In the tradition of the Italian autonomists, Planka.nu advocate self-reduction, where the price of the service is determined by the consumer. Whereas in other cases this is done in agreement with (at least some) employees of the service provider, in the case of Planka.nu fare-dodgers are encouraged to evade fares without seeking permission.

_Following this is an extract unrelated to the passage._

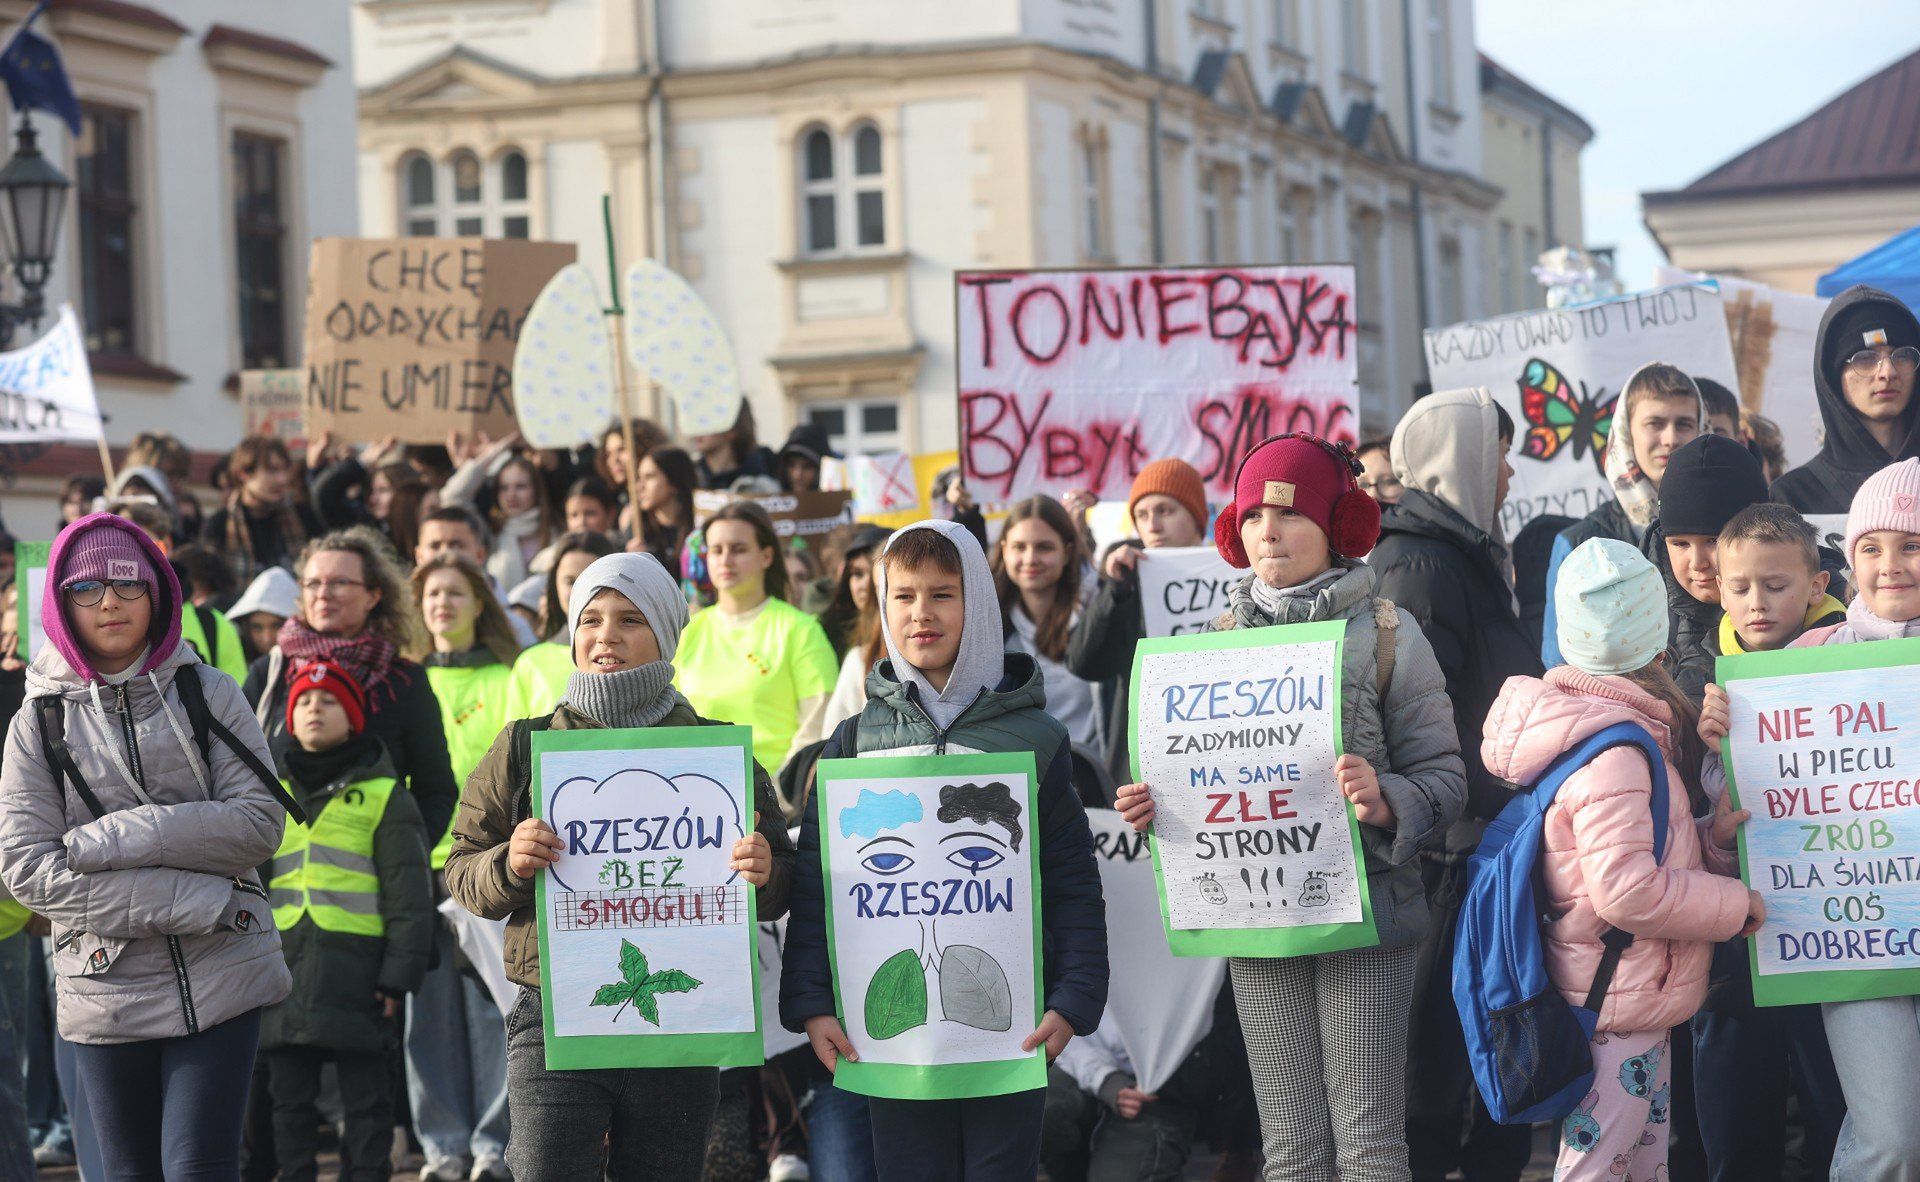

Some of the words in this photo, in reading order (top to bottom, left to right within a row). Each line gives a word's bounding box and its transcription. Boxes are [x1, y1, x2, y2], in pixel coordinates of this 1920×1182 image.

Since its conception Planka.nu has broadened its methods and now functions as a think tank with public transport, urban planning and climate change as its main areas of focus, as well as an insurance fund. The network also uses standard leftist methods, such as rallies, adbusting, and pamphlets. Together with refugee rights organization Ingen människa är illegal, the Swedish chapter of No one is illegal, Planka.nu provides tickets for immigrants living in Sweden without asylum, since a paperless immigrant might otherwise be reported to the police and deported if caught riding without a ticket.

=== P-kassan ===
Failing to purchase a ticket or traveling using an incorrect pass is subject to a penalty fare of 1200 SEK in the public transport systems of Stockholm, Gothenburg and Östergötland. In return for a membership fee (paid monthly or biannually) members are refunded by Planka.nu if fined, through the solidarity fund P-kassan. Net income from p-kassan is used in the aforementioned partnership with No one is illegal and to finance the production of flyers, stickers, folders, web pages and other information material. All members of Planka.nu work pro-bono.

In December 2009, Västtrafik accused the Gothenburg chapter of operating an unauthorized insurance.

== Criticism ==

Planka.nu and its organizers have seen substantial criticism, primarily by politicians and transportation companies in each city. The network has been reported to the police for incitement by Storstockholms Lokaltrafik (SL), Västtrafik and ÖstgötaTrafiken, who believe that Planka.nu engages in illegal activities. As of today, no charges have been made. Planka.nu themselves believe that their activities do not conflict with existing legislation.

Many critics believe that fare evasion leads to reduced funds and higher costs for public transport, which must be offset by higher prices for those who do pay their fares.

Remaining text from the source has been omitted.